Certified Dogs and Cats!
Toronto's pet licensing data reveals an unexpected pattern: extreme breed concentration among cats (73.9% Domestic Shorthair) versus remarkable diversity among dogs (300+ breeds, top breed at 9.6%).
This concentration gap - 3 in 4 cats versus fewer than 1 in 10 dogs - reveals fundamentally different ownership patterns. Over 300 dog breeds compete across the city's neighborhoods, while cat ownership converges on a single dominant breed.

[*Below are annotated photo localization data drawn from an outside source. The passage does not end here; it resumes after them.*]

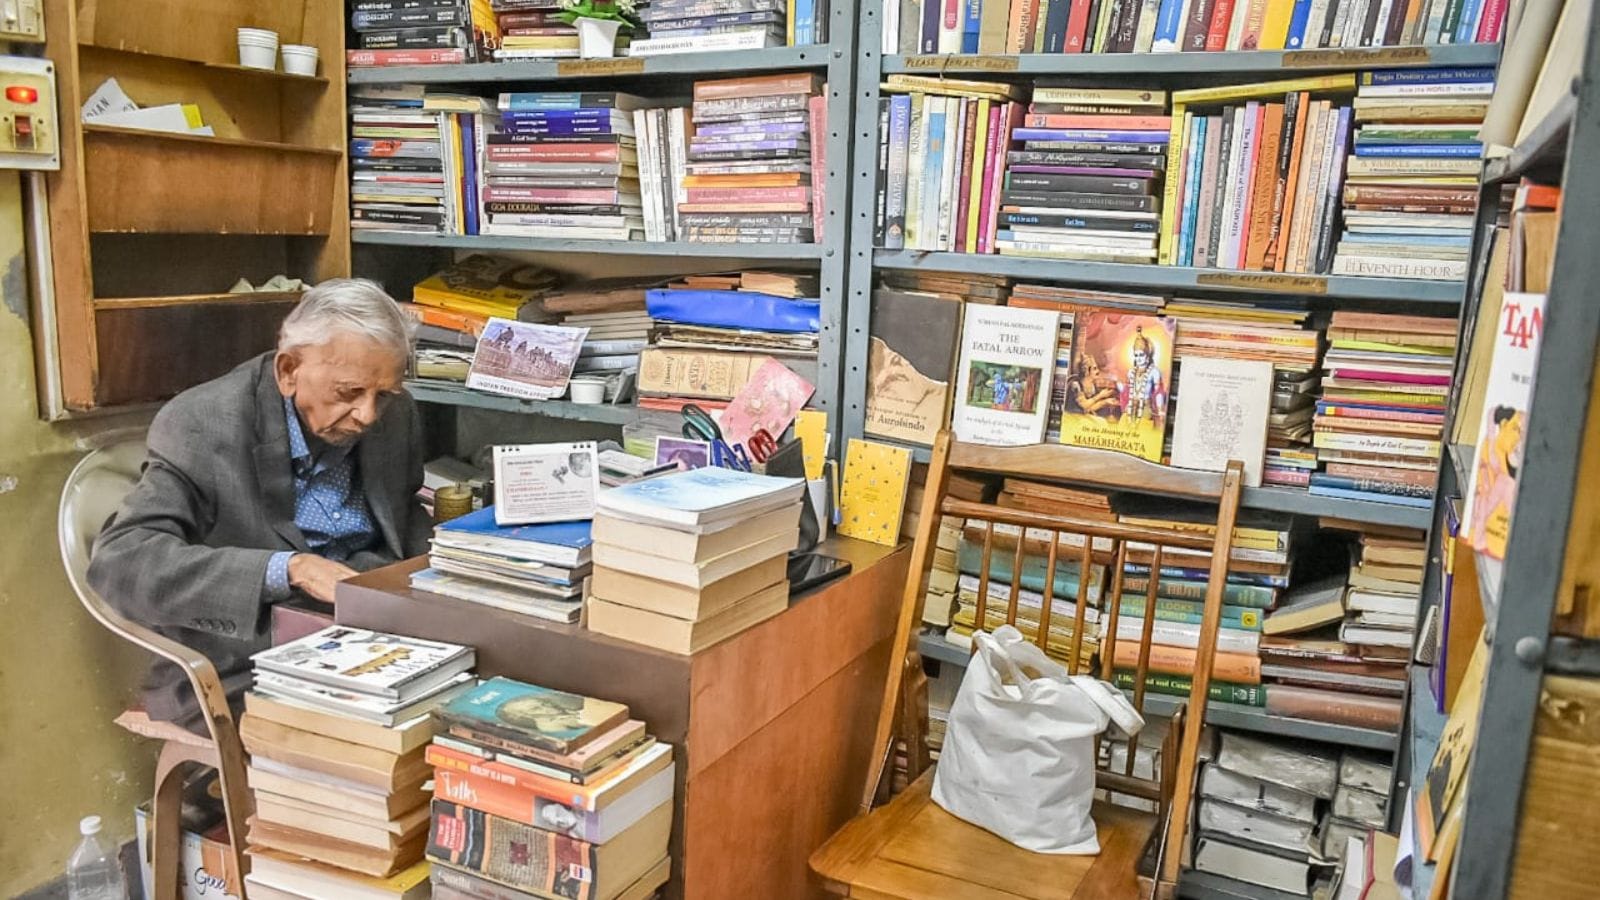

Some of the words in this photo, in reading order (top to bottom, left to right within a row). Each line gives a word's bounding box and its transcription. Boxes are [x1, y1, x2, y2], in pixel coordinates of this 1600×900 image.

[904, 57, 937, 68] PLEASE
[1440, 71, 1453, 79] the
[1238, 142, 1249, 176] Philosophy
[1263, 131, 1279, 205] CONSCIOUSNESS
[1256, 207, 1269, 243] SPEAKS
[1345, 259, 1409, 275] ELEVENTH
[1414, 262, 1451, 277] HOUR
[999, 333, 1020, 344] THE
[972, 341, 1001, 353] FATAL
[1005, 345, 1044, 357] ARROW
[877, 413, 926, 431] Aurobindo
[1156, 610, 1187, 620] ORLD
[1156, 679, 1170, 688] and

This dashboard surfaces these patterns from 175,000+ licensing records, updated daily through automated pipelines processing Toronto's Open Data. The entire stack—ingestion, transformation, quality checks, and serving—runs for under $10/month while maintaining 99.5%+ data accuracy.

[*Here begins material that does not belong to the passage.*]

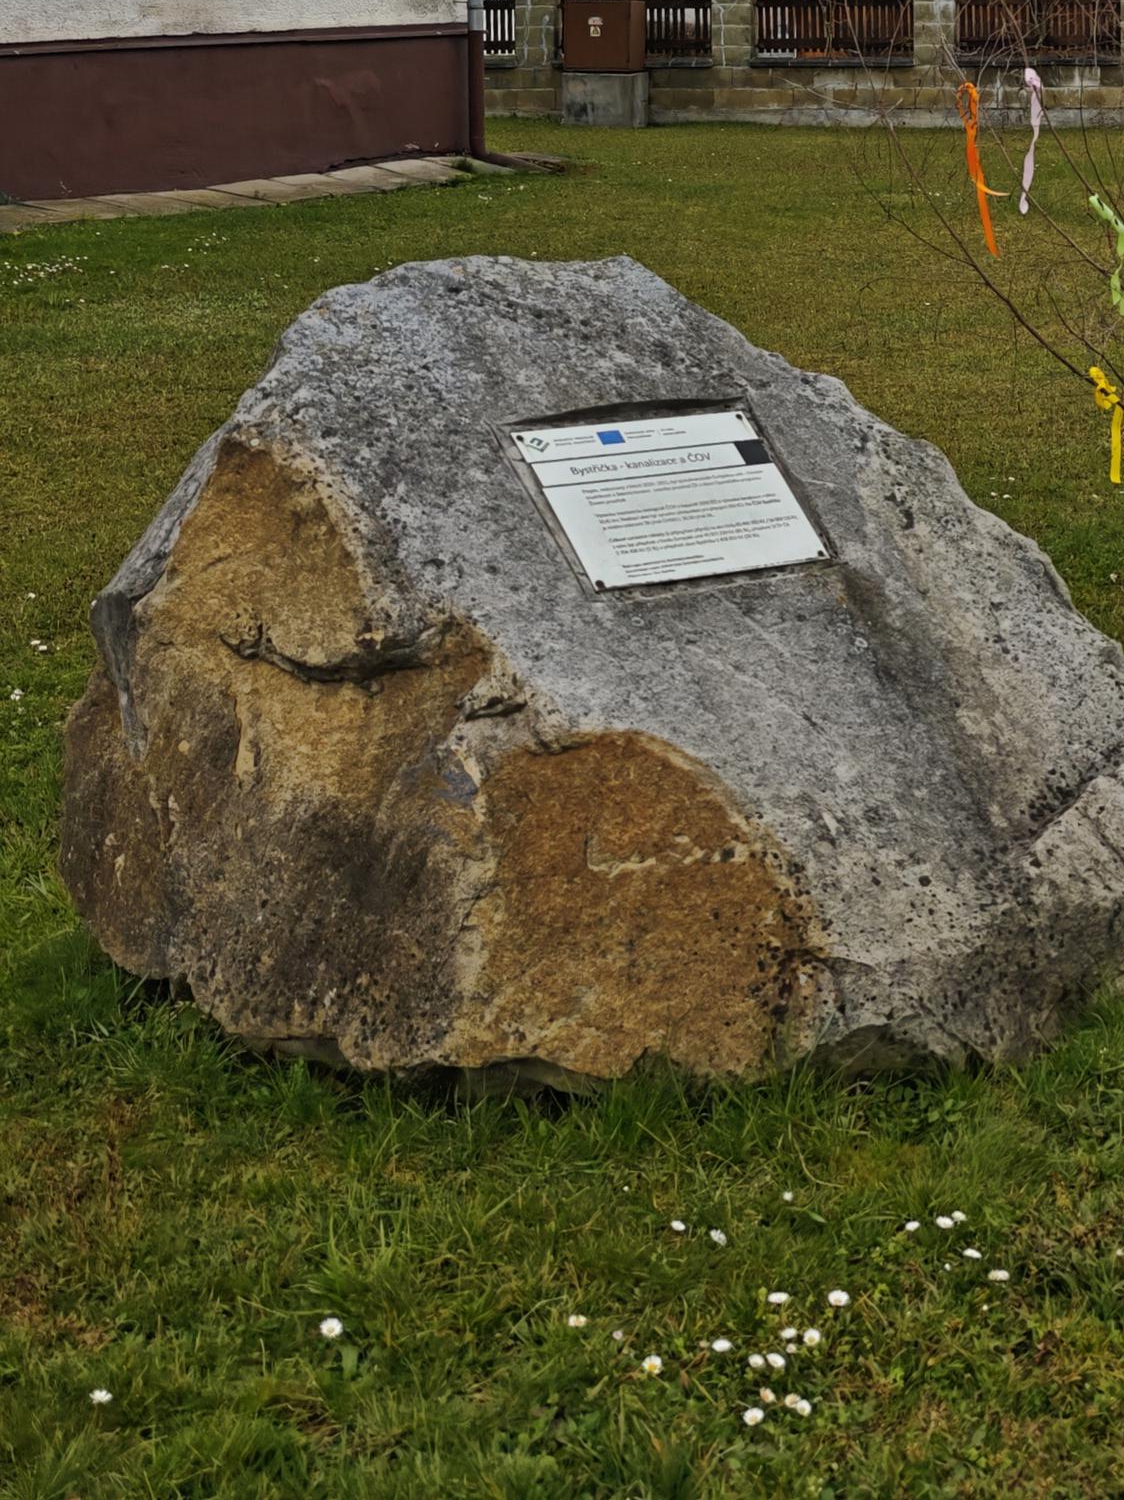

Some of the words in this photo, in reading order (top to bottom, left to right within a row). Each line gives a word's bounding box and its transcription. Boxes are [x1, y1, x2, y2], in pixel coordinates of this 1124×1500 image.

[570, 462, 618, 476] Bystřička
[625, 456, 678, 469] kanalizace
[687, 452, 711, 463] ČOV
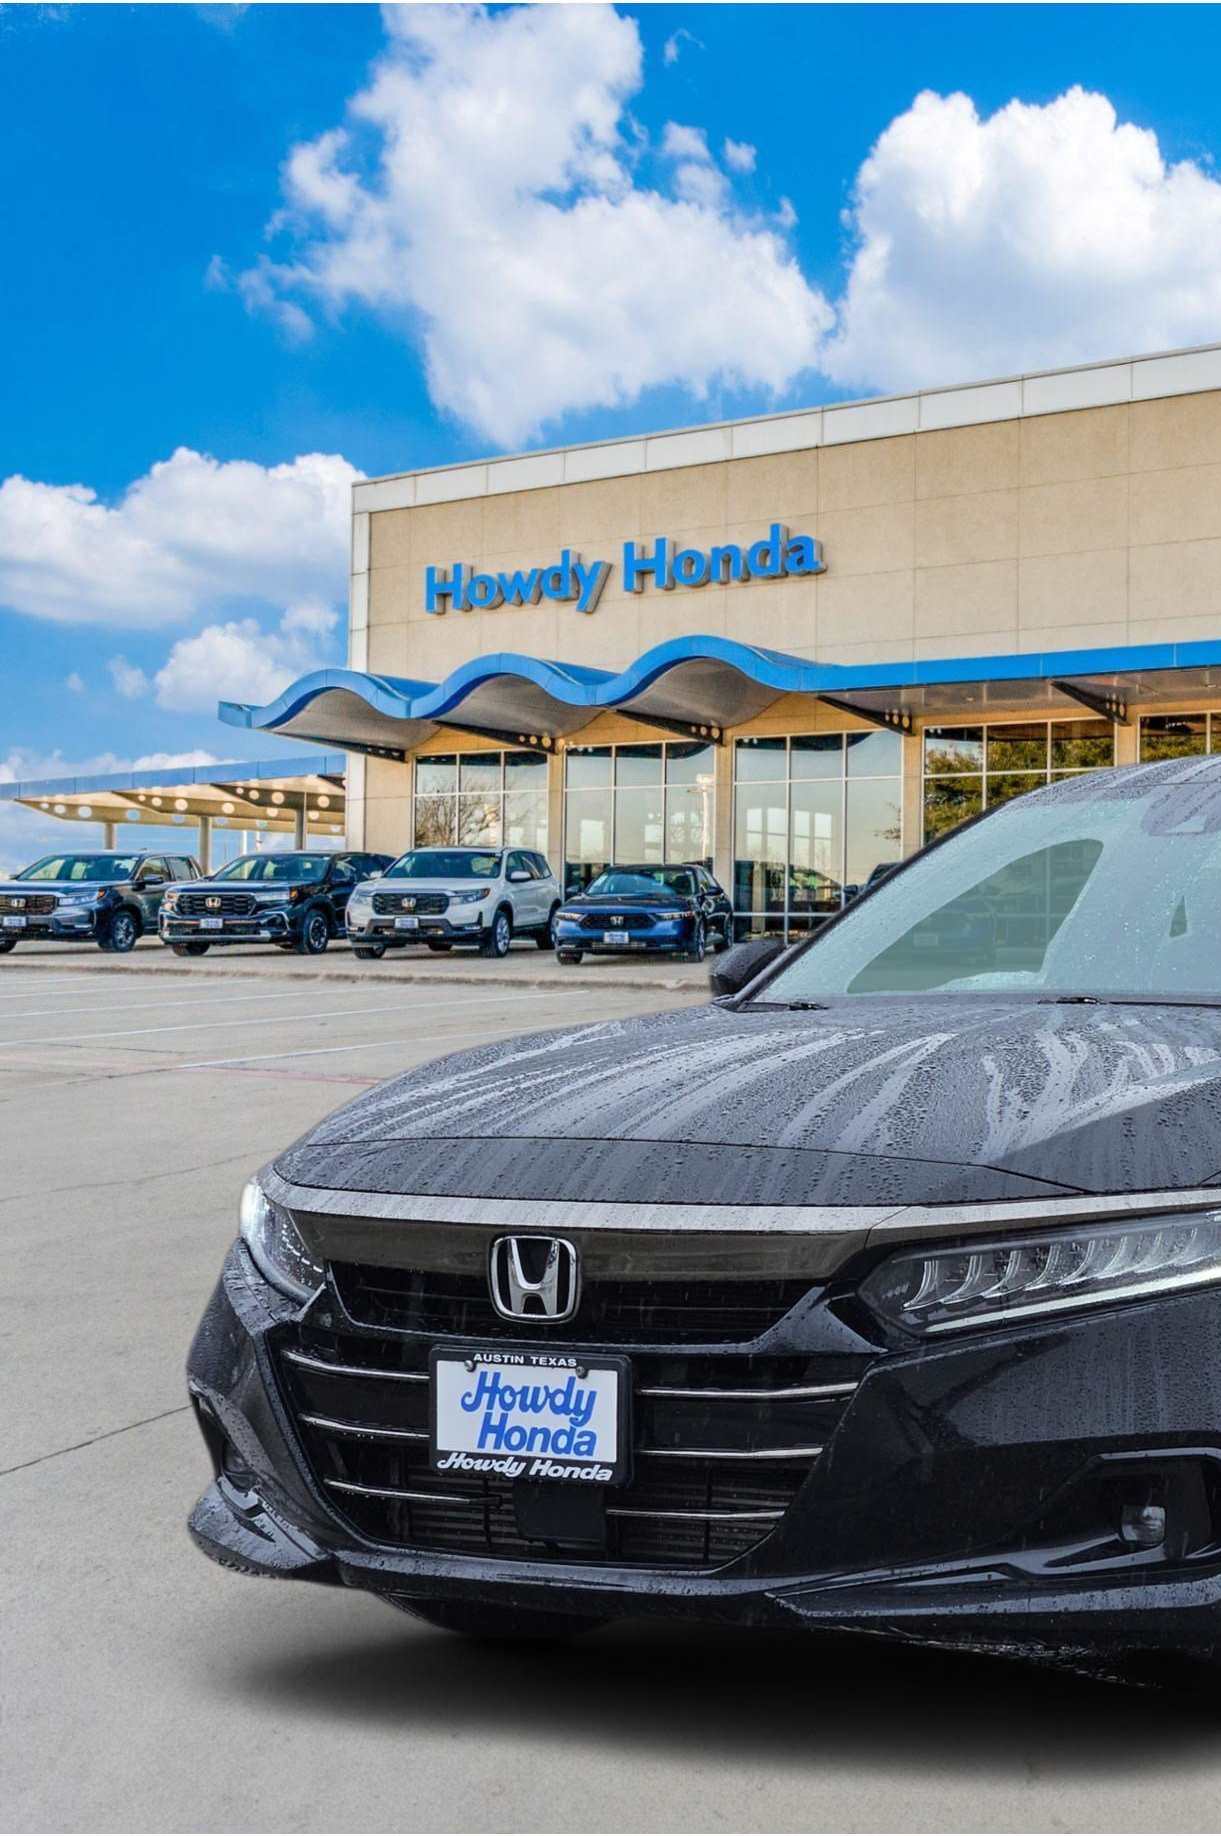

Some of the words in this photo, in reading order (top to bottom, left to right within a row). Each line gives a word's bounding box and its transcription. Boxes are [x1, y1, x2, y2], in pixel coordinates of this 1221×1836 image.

🔧 How it works (click to expand)
Every morning at 10 AM, a fully automated pipeline wakes up and does this:
Ingestion (Raw → Bronze)
A Python script connects to Toronto's Open Data CKAN API, downloads the latest pet licensing records,
and uploads them to AWS S3 as dated snapshots (raw/2025-11-02/).
This creates a permanent audit trail: I can replay any historical load if needed.

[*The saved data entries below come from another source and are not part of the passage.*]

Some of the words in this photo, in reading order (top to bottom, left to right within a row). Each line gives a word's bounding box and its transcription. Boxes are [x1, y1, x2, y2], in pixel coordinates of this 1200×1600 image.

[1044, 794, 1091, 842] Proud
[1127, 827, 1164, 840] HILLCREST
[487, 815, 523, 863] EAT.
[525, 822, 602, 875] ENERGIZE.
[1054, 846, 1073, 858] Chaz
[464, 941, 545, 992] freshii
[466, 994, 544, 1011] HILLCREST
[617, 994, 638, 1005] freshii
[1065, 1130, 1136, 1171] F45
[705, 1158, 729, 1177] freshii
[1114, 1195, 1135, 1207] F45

The bronze layer performs basic validation: rejecting records with invalid animal types (must be DOG or CAT), duplicate IDs, null primary keys, or malformed postal codes. Clean records are partitioned by registration year and written to Delta tables. All operations are idempotent: rerunning the same date produces identical output.
Transformation (Silver → Gold)
The silver layer standardizes messy breed names using fuzzy matching against a reference list. "lab," "Labrador Retriever," and "LABRADOR RETRIEVER (YELLOW)" all become "Labrador Retriever." This normalization handles 300+ breed variants and achieves 99.5%+ mapping accuracy.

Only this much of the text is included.